Dollar-Cost Averaging Into ETFs
In 2026, the smartest investors aren’t timing the market — they’re investing a fixed amount every single week into broad-market ETFs like VOO, VTI, or SCHD. Dollar-cost averaging removes emotion from investing and ensures you buy more shares when prices are low. Over a 20-year period, DCA investors outperform 85% of active stock pickers. Set up automatic weekly purchases of $100-$500 and forget about it.
Leverage High-Yield Savings for Emergency Funds
In 2026, high-yield savings accounts are paying 4.5-5.2% APY. That means your $20,000 emergency fund earns $900-$1,040 per year just sitting there. Compare that to the 0.01% most big banks offer. Move your emergency fund to an online bank like Marcus, Ally, or SoFi today. It takes 10 minutes and could earn you an extra $1,000 this year alone.
Real Estate Through REITs
You don’t need $300,000 for a down payment to invest in real estate. Real Estate Investment Trusts (REITs) let you own a piece of commercial buildings, apartments, and data centers for as little as $10. REITs are legally required to distribute 90% of taxable income as dividends. The average REIT has returned 11.8% annually over the last 25 years.
Tax-Loss Harvesting
Wealthy investors don’t just make money — they strategically lose money too. Tax-loss harvesting involves selling losing investments to offset capital gains taxes. In 2026, robo-advisors like Wealthfront and Betterment do this automatically. This strategy can save the average investor $2,000-$5,000 per year in taxes. That’s money you keep invested and growing.

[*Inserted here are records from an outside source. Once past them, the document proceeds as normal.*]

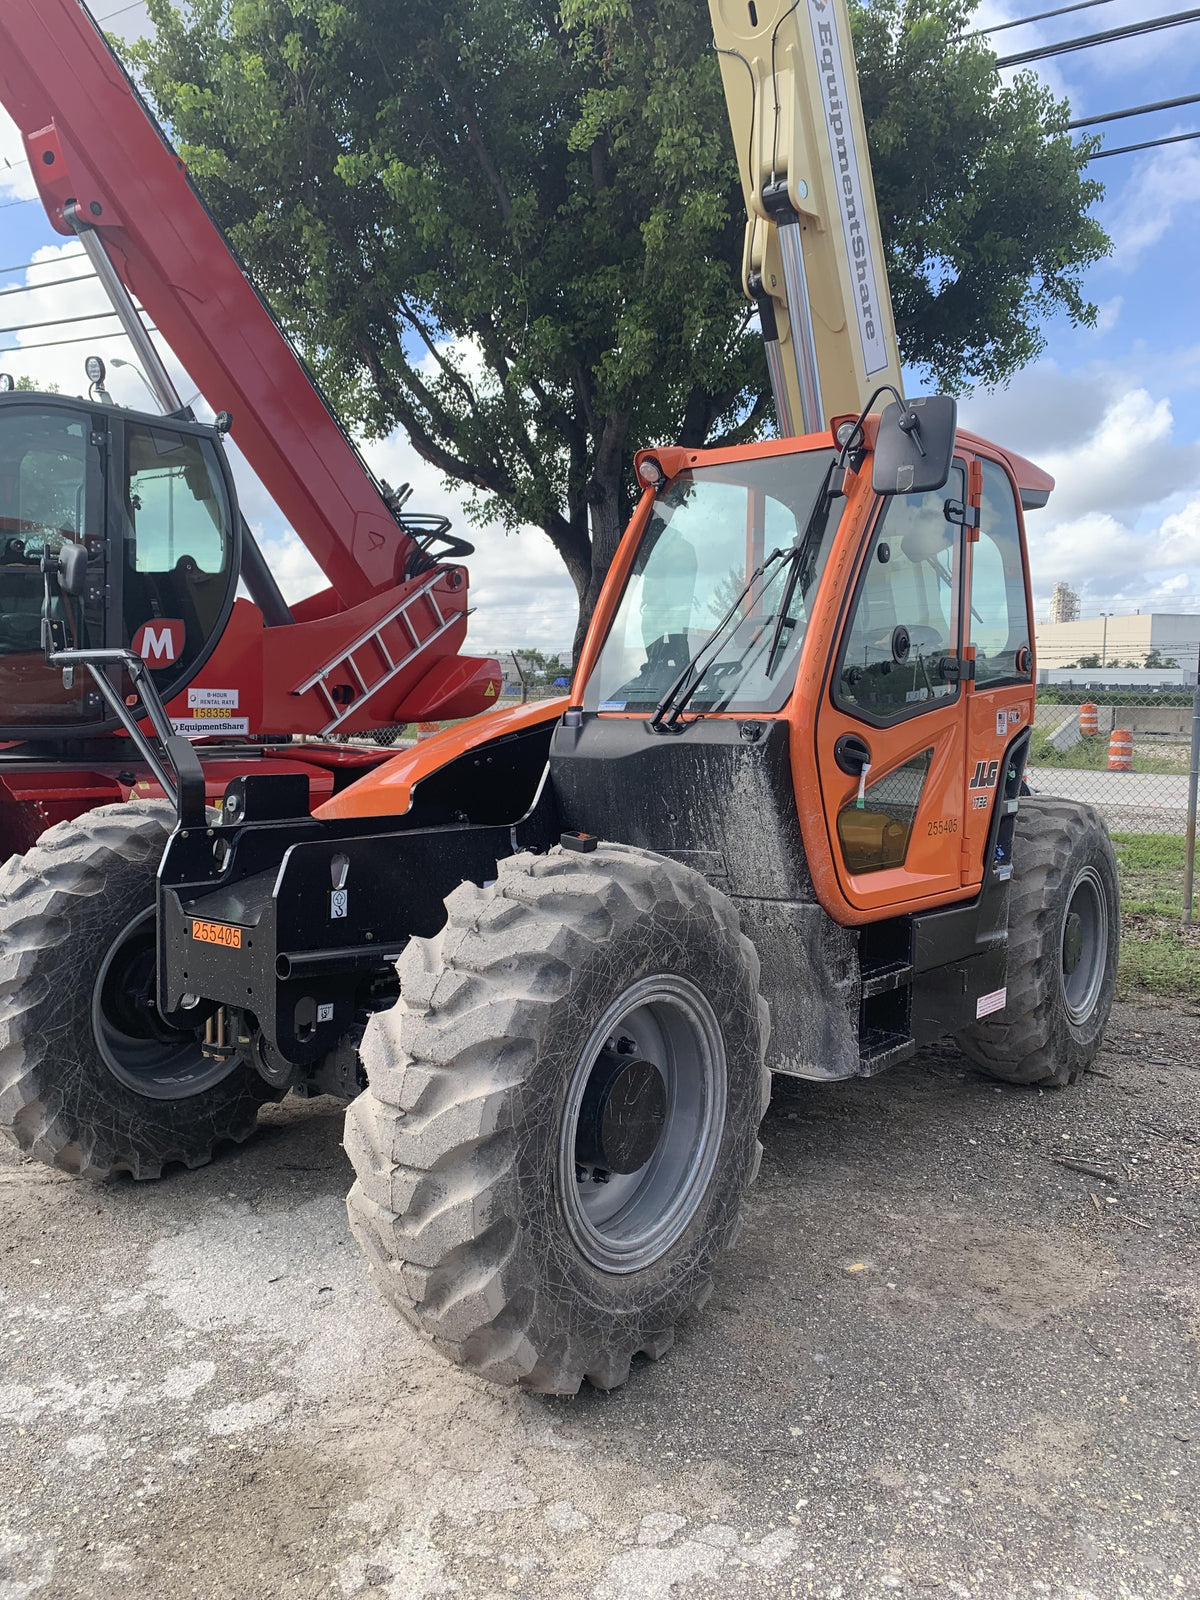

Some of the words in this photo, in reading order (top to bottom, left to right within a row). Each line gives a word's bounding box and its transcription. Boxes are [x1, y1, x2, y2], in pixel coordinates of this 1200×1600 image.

[817, 21, 875, 341] EquipmentShare
[140, 627, 174, 659] M
[194, 708, 231, 718] 158355
[179, 722, 245, 732] EquipmentShare
[969, 760, 1000, 789] JLG
[927, 818, 958, 836] 255405
[193, 921, 240, 947] 255405

The Roth Conversion Ladder
If you have money in a traditional 401(k) or IRA, a Roth conversion ladder lets you access it penalty-free before age 59½. Convert a portion each year, wait 5 years, and withdraw tax-free. This is the #1 strategy used by early retirees in the FIRE movement. In 2026, with potentially higher future tax rates, converting now locks in today’s lower rates.

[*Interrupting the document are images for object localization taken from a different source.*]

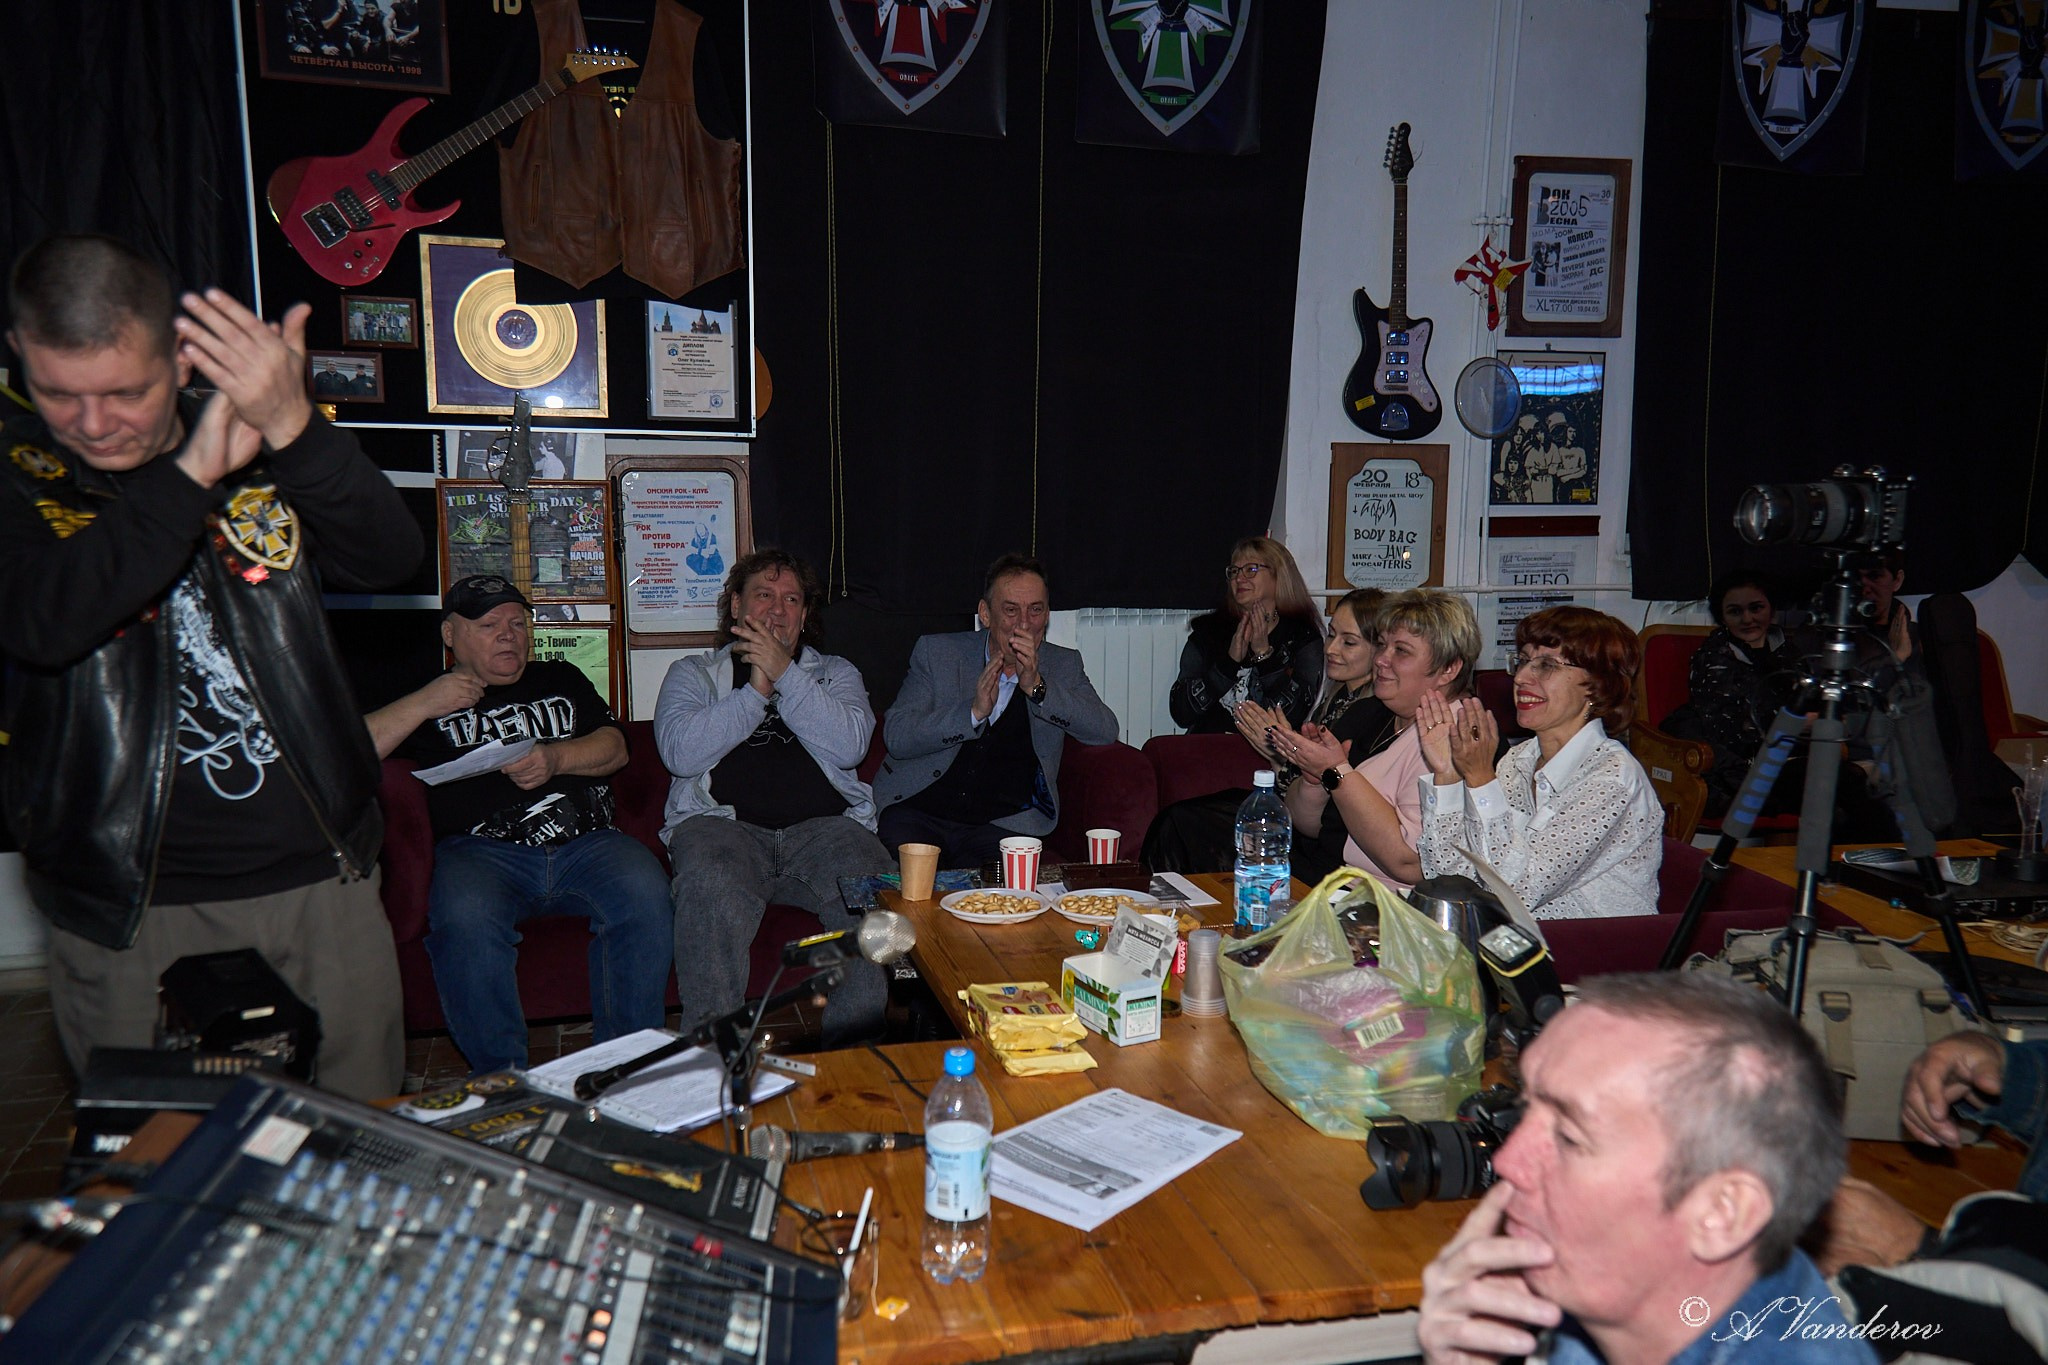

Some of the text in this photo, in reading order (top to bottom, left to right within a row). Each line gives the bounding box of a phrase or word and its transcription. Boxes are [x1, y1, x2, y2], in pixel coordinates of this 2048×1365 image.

[352, 62, 395, 72] ВЫСОТА
[1541, 187, 1570, 203] РОК
[1550, 195, 1590, 217] 2005
[1536, 203, 1577, 225] ВЕСНА
[1567, 230, 1594, 244] КОЛЕСО
[1536, 299, 1549, 311] XL
[1361, 469, 1388, 483] 20
[446, 494, 476, 507] THE
[550, 496, 583, 507] DAYS
[1354, 529, 1417, 543] BODY BAG
[653, 541, 689, 549] ТЕРРОРА"
[570, 551, 605, 561] НАЧАЛО

Building Equity Through Business Ownership
The fastest path to wealth in 2026 isn’t a salary — it’s equity. Starting even a small online business creates an asset you can sell. A simple SaaS tool earning $5,000/month can sell for $150,000-$300,000. Service businesses with recurring revenue sell for 2-4x annual profit. You’re not just earning income — you’re building a sellable asset.

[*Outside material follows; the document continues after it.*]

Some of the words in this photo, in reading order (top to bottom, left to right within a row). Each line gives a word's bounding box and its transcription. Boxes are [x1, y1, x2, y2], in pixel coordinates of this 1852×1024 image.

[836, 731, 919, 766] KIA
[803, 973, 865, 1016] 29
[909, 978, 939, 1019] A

The ‘Pay Yourself in Assets’ Rule
Every month, wealthy people convert cash into assets: stocks, real estate, businesses, or intellectual property. Cash depreciates with inflation (3.5% in 2026), but assets appreciate. The rule is simple: never let more than 6 months of expenses sit in cash. Everything else should be working for you in appreciating assets.